Der aktuelle Entwurf beziehe sich auf einen Aufstellungsbeschluss aus dem Jahr 2004, der zunächst nicht weiter verfolgt wurde. "Mit ihm rufen wir jetzt das Wissen in den Kommunen ab und lassen Planungen der Gemeinden einfließen", sicherte Proske zu.

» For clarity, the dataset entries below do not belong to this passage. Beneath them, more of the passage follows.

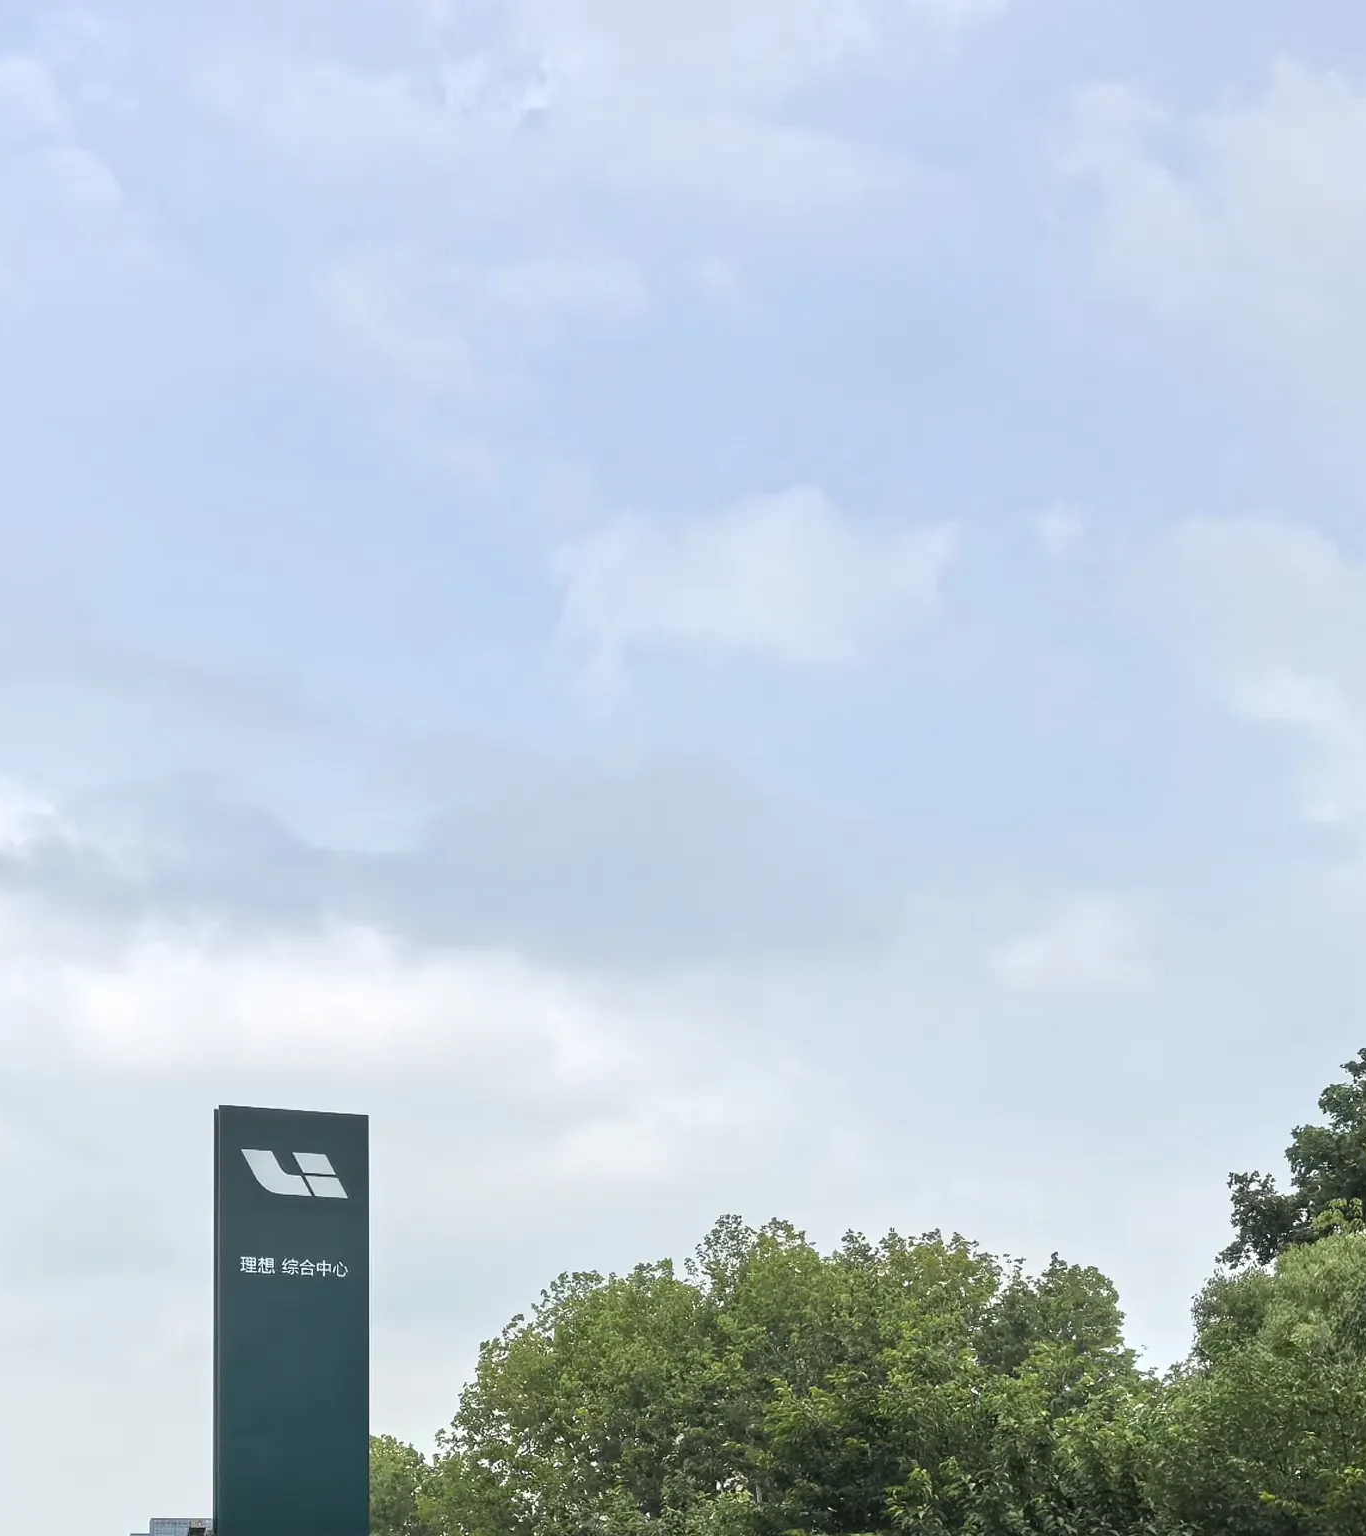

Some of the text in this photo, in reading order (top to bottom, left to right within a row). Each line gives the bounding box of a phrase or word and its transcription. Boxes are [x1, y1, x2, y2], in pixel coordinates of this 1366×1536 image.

[240, 1256, 348, 1277] 理想 综合中心
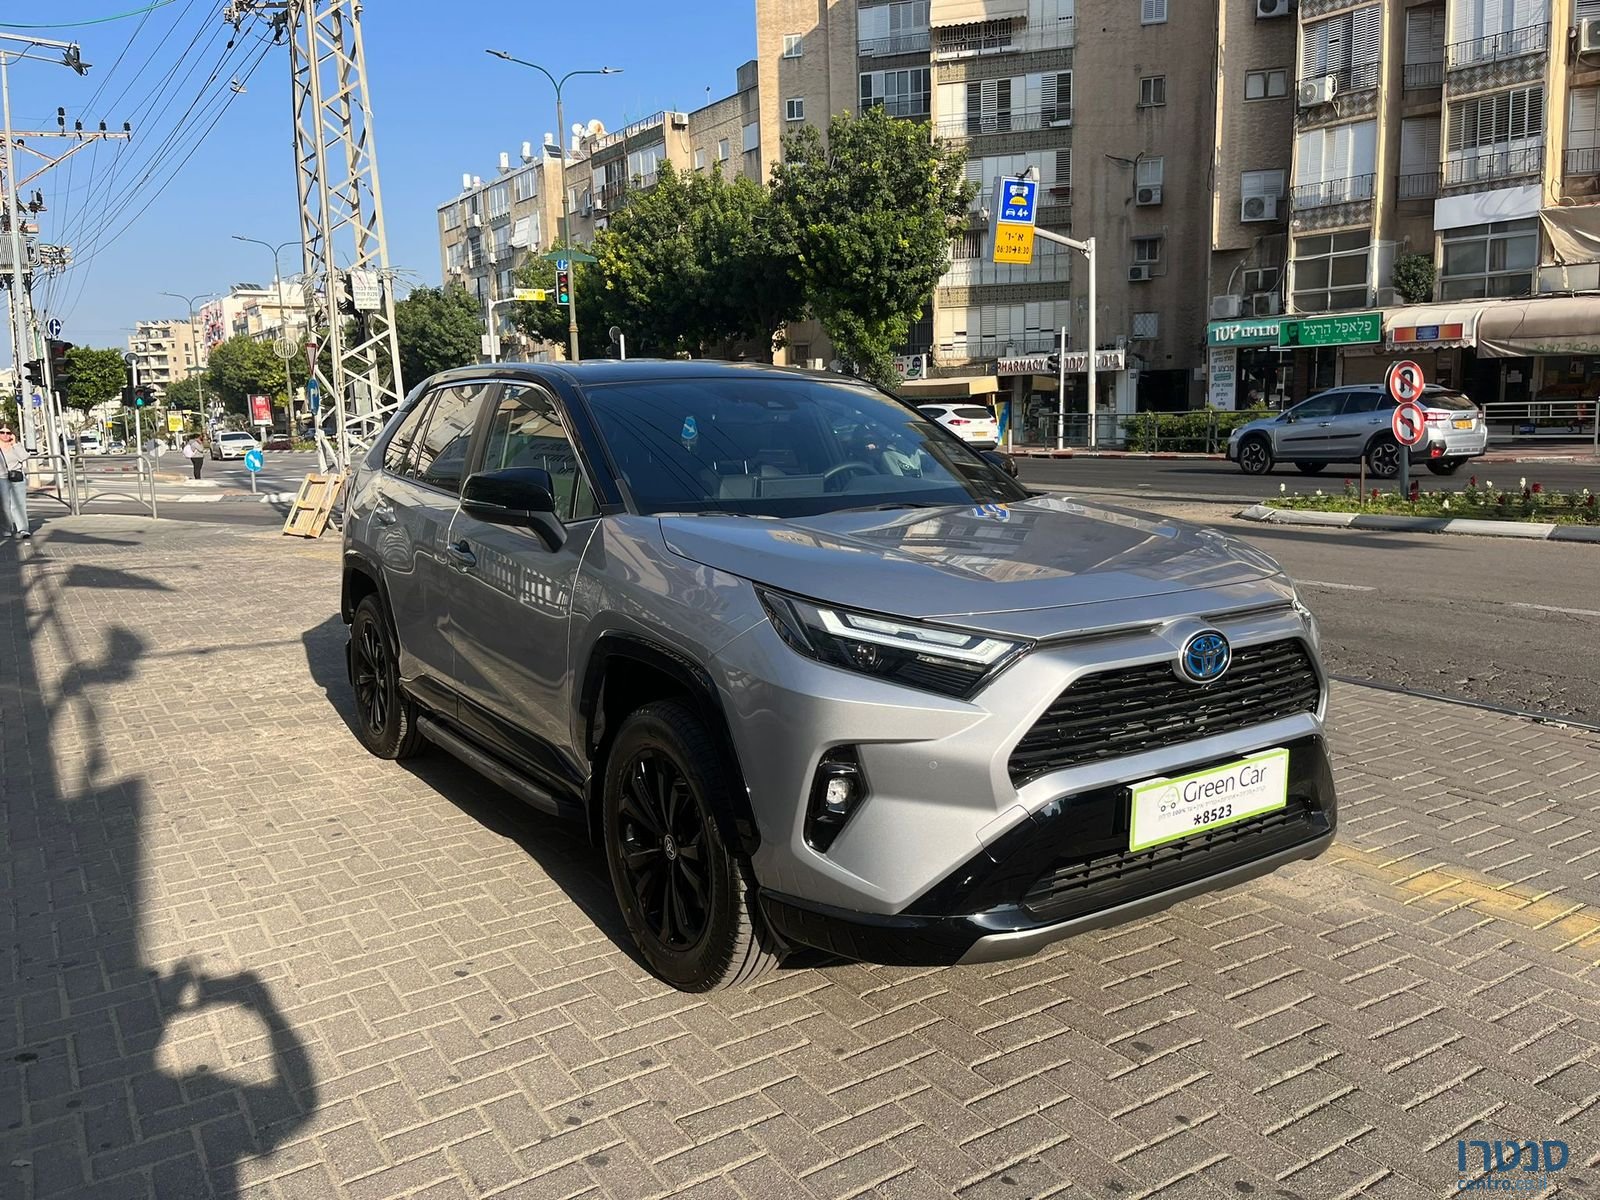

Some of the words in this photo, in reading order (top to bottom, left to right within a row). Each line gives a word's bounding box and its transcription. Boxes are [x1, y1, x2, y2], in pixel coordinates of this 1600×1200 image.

[1017, 208, 1029, 218] 4+
[1212, 324, 1241, 342] TOP
[997, 359, 1045, 373] PHARMACY
[1183, 776, 1235, 804] Green
[1238, 764, 1268, 788] Car

Für Windmessungen wären indes Investoren zuständig, da eine flächendeckende Erhebung weder finanzierbar, noch realistisch sei.

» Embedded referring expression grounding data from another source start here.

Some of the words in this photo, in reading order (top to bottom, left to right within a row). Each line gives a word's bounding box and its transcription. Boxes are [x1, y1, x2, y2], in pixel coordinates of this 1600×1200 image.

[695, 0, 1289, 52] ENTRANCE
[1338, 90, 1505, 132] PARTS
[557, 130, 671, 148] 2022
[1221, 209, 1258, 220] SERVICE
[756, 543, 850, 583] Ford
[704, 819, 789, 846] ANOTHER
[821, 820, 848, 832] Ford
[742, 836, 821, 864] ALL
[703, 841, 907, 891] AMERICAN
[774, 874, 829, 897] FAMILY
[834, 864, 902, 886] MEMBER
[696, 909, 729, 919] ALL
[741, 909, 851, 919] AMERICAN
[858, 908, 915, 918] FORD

Zuvor hatte Schmucker ihm vorgehalten, die Bevölkerung ohne Not zu verunsichern, weil bereits bekannte Fakten wie beispielsweise Artenschutz und Entwicklungen in der Gemeinde nicht einflossen.

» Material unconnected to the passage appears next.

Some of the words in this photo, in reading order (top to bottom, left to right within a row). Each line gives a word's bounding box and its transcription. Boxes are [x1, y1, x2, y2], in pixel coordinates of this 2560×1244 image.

"Nach der Prüfung der Stellungnahmen werden wir einen Überlastungsschutz einziehen durch den die Häufigkeit der Gebiete reduziert wird", räumte Proske eine massive Bündelung von Gebieten zwischen Höfen, Oberreichenbach und Bad Wildbad ein, die in dieser Massierung nicht weiterverfolgt würden.

Neue Anlagenhöhen

Im Rahmen der Diskussion wurde dann deutlich, dass wohl noch mehr Grundlagen zu überarbeiten sind, zumal der RV beispielsweise von Referenzanlagen in Höhe von 180 Metern ausgeht, die der so genannte interministerielle Windkrafterlass vorgab. "Die Zurückhaltung bei der Höhe ist problematisch, weil sie dem Vorsorgegrundsatz widerspricht", sagte dazu Rechtsanwalt Rico Faller, der inzwischen die BI begleitet. Nicht verwundert war Thomas Frey, dass die Anlagen längst höher, nämlich 200 und 240 Meter sind. "Wir haben keinen Wind, bei dem es sich rechnet, aber Investoren berufen sich ausdrücklich auf Entwürfe von Planungen", berichtete der Sprecher der BI "Abstand zur Windkraft Büchenbronn" von Erfahrungen zu Anträgen. Diese würden aber einer verbindlichen Rechtsgrundlage entbehren, so Proske, weil sie als "in Aufstellung befindliche Ziele" definiert seien.

"Was passiert mit dem Flächennutzungsplan Oberreichenbach wenn der Regionalplan rechtsverbindlich wird?", fragte Ewen, zumal Bürgermeister Karlheinz Kistner auf wiederum dessen Rechtskräftigkeit verwies. "Die Gemeinde hat bewusst im Gewann Zimmern ein Vorranggebiet ausgewiesen und andere Außengebietsflächen sind damit tabu", erinnerte Kistner an den Beschluss vor 15 Jahren, wenngleich der RV diese Fläche gar nicht in den Regionalplan einband. Doch Proske machte deutlich, dass der Regionalplan über dem kommunalen Flächennutzungsplan stehe.

Ist Gesundheit gefährdet?

"Wie viel gesundheitliche Auswirkung muss man als Bürger aushalten?", verwies die Internistin Dagmar Schmucker auf die im Grundgesetz festgeschriebene Unversehrtheit, die sie durch den mit der Windkraft einhergehenden Infraschall angegriffen sieht. Gleichzeitig monierte sie den zu gering festgelegten Abstand von Windkraftanlagen (WKA), der 700 Meter ausweist. Er beziehe sich laut dem Verbandsdirektor auf ein Gerichtsurteil, das als Entfernung die doppelte Länge der WKA vorgibt.

"Die Planungen werden auf dem Rücken der Bürger ausgetragen, ohne Ergebnisse von Studien zur Auswirkung abzuwarten, wie es Dänemark macht", vermisste eine andere Bürgerin die Beachtung von weiteren Erkenntnissen. "Wir tun, wozu wir verpflichtet und wovon wir überzeugt sind. Wir kämen nie voran, wenn wir auf Studien warten würden", reagierte Proske auf den Einwand. "Aber wir werden die Stellungnahme von Oberreichenbach berücksichtigen", sicherte er zu, nachdem Schmucker eingangs eine drohende Umzingelung von "riesigen technischen Spargeln" anprangerte. "Ich kann mir nicht vorstellen, dass ein Biotop zerstört wird", erinnerte der BI-Sprecher aus Würzbach zudem an das Vorkommen verschiedener Tiere. Zur Einwohnerversammlung waren rund 170 Interessenten gekommen.